Session: WS 452
[Read more session reports and live updates from the 13th Internet Governance Forum]
Community governance discussions are the pathway for self-regulation of platforms. The session featured discussion on the relationship between the purposes of platforms and the expectations for improving open software. Clear rules, especially with regards to intended purposes, need to be developed; and more incentives from governments would assist better effectiveness in the governance of platform responsibility. The discussion aimed to assess whether the models currently in place are adaptable from platform to platform, and what requirements this implies. Different governments have different ideas, which represents a challenge for global platforms to meet all requirements in all different geographies.
The event was moderated by Mr Jorge Vargas, Wikimedia Foundation, who introduced the topic of community governance of online platforms as a result of requirements for the Internet to self-regulate. The need is to find common ground on policies which allow the Internet to work, and which also make the Internet a trustworthy place. The session featured an interactive discussion about how self-governance models on the Internet can look, how such norms are developed, how communities police these, and what does not work in terms of self-governance.
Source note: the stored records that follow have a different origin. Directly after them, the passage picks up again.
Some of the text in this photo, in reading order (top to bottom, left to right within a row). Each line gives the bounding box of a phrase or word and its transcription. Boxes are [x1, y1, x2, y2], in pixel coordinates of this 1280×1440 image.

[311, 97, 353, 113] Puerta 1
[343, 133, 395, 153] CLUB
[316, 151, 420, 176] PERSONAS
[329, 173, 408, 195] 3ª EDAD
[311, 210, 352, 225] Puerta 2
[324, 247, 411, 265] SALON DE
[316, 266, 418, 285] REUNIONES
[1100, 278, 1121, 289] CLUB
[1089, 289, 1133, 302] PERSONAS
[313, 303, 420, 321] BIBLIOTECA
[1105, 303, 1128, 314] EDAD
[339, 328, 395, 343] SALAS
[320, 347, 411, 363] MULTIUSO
Ms Abby Vollmer, GitHub, explained that there are similarities in the final goals of open source communities, and the rest of the world using the Internet: An open, inclusive, vibrant platform that is free of abuse. Indeed, the final aim is to have an inclusive group of participants contributing to platforms. So the dichotomy between the general purpose of platforms, versus the expectations for building software for source maintainers involved in the project, needs to be addressed through the setting of clear rules, especially with regards to intended purposes. From the perspective of layers of moderation, at the top level, if communities are able to do some degree of moderation on their own, then the company itself could create a layer of moderation on top of that. In this case governments would need to do little more than help communities achieve a very good degree of effectiveness.
Mr Jochai Ben-Avie, Private Sector, Western European and Others Group (WEOG), covered the issue of company liability for a product. He argued that there are waves of companies, big and small, adapting open source into their core business practices and core product development. In this regard, efforts should be focused on evolving thinking in the law and in policy around the liability structure.
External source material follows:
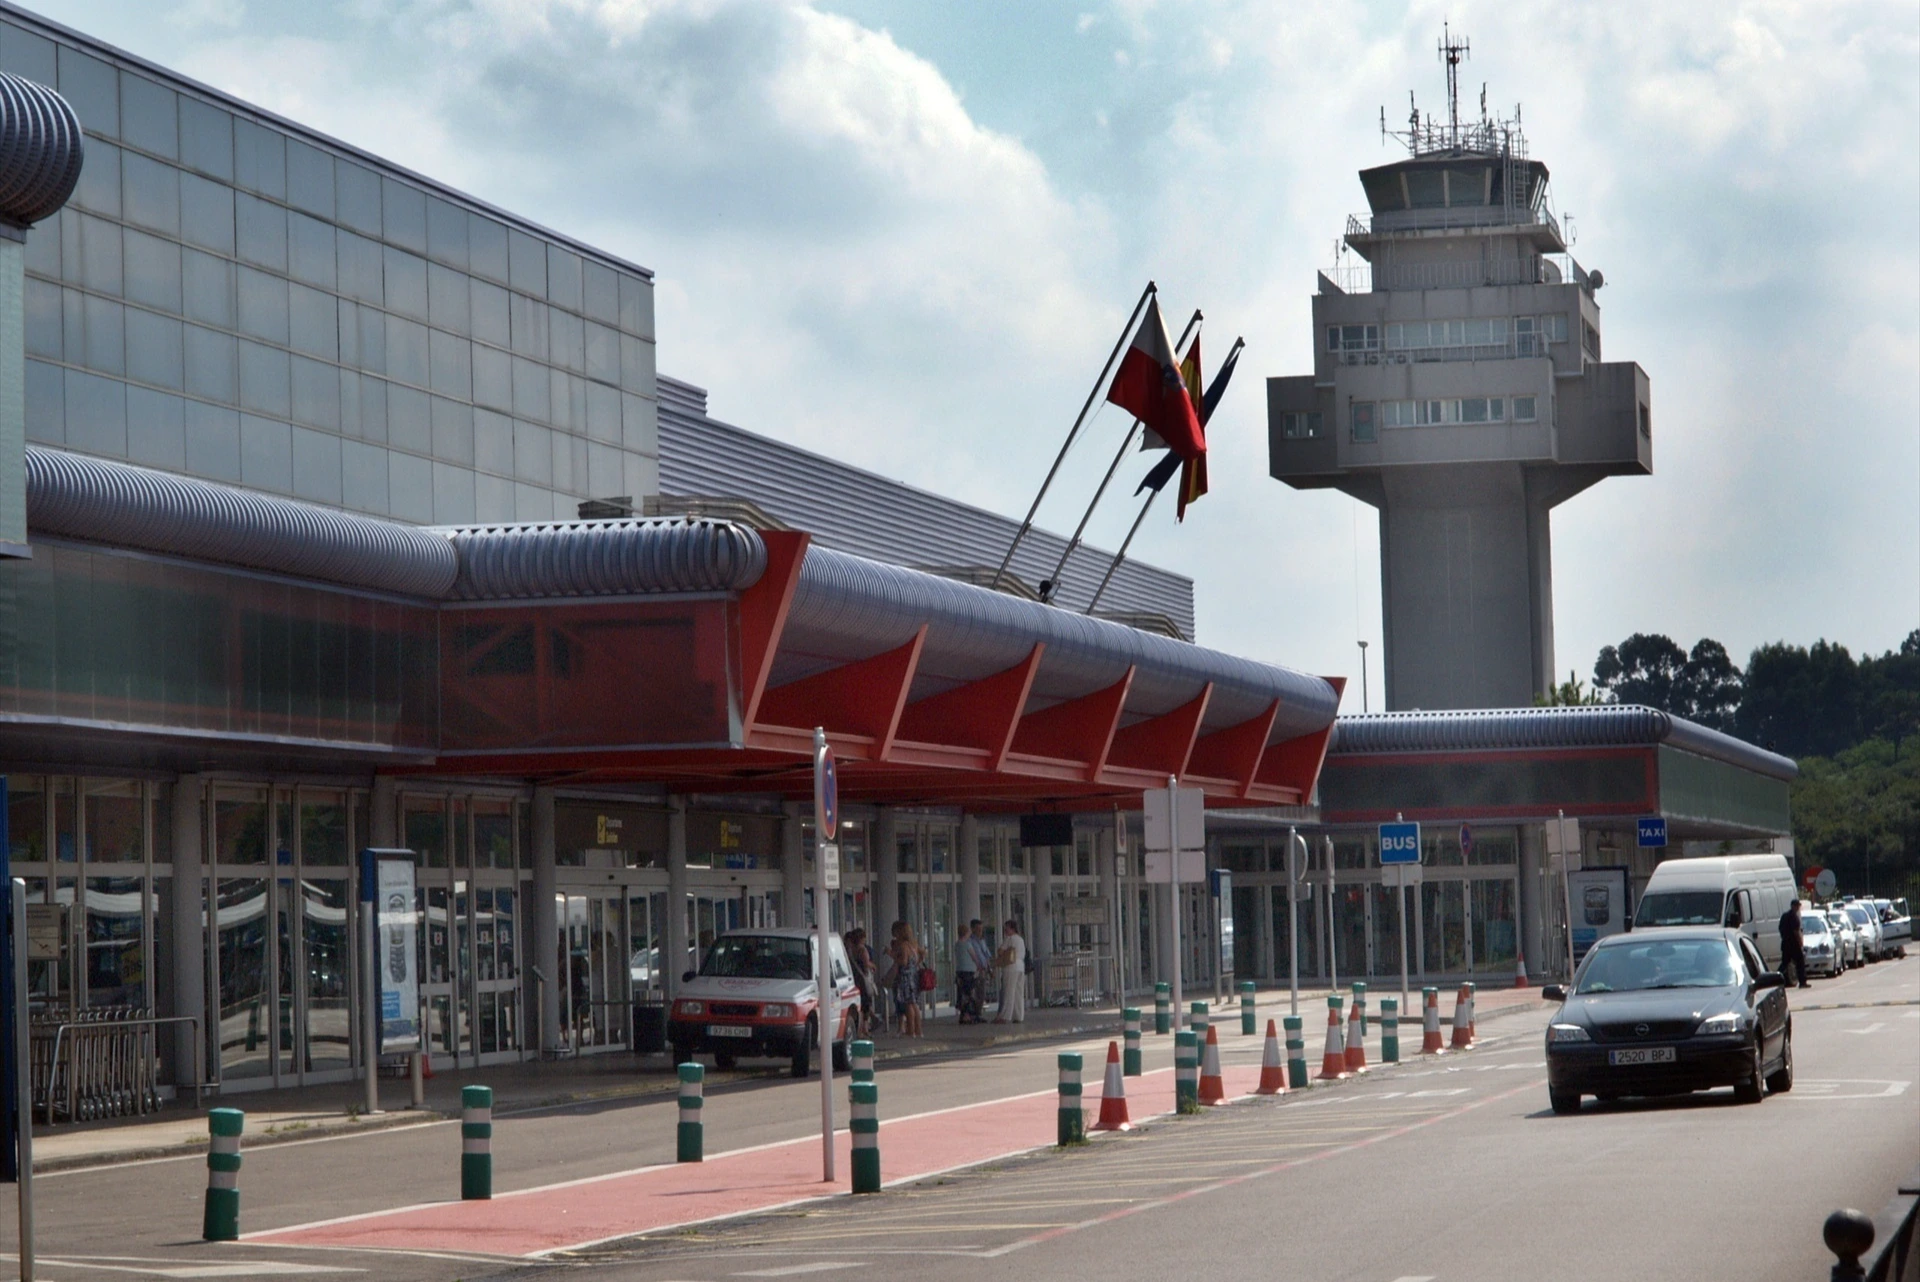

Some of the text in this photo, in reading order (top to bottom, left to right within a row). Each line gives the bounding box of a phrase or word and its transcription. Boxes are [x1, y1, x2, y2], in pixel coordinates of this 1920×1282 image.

[1640, 828, 1665, 837] TAXI
[1382, 836, 1416, 850] BUS
[1618, 1049, 1672, 1063] 2520 BPJ
Mr Tiago Peixoto, Intergovernmental Organization, focused on media and talked about one of the main challenges faced: The need for independence from any pressures, whether from governments or commercial forces. Currently, many social media platforms are self-regulated. The nature of this still indicates a top-down approach; however, a bottom-up approach can be achieved through open source software, depending on the grass-roots users, the people who own the content, and those who produce the code.
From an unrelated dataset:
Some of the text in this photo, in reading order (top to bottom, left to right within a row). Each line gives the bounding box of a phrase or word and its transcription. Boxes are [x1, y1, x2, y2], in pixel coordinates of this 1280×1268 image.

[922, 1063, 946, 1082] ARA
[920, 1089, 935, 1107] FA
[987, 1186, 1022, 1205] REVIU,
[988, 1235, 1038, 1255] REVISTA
To this extent, the multistakeholder approach is the right framework at the global, regional and national level. The community of users and individuals need to be included in the process.
Ms Juliet Nanfuka, Civil Society, African Group, talked about the challenges to community governance models in Southern and Eastern Africa. Using a practical example, she explained how the community of journalists follow traditional journalistic codes of conduct, ethics and principles, using traditional offline practices. However, they won't do this online, because, as she said, ‘Online things will get violent.’ The result is that the community, group, or individuals who establish a space in some cases do not know how to deal with content. The solution to this problem is to empower content removal and the mechanisms to point out irregular content, while understanding and assessing the actions to take thereafter. Finally, improved digital literacy, in addition to greater national regulatory contexts, would allow better traditional approaches to reach the online sphere.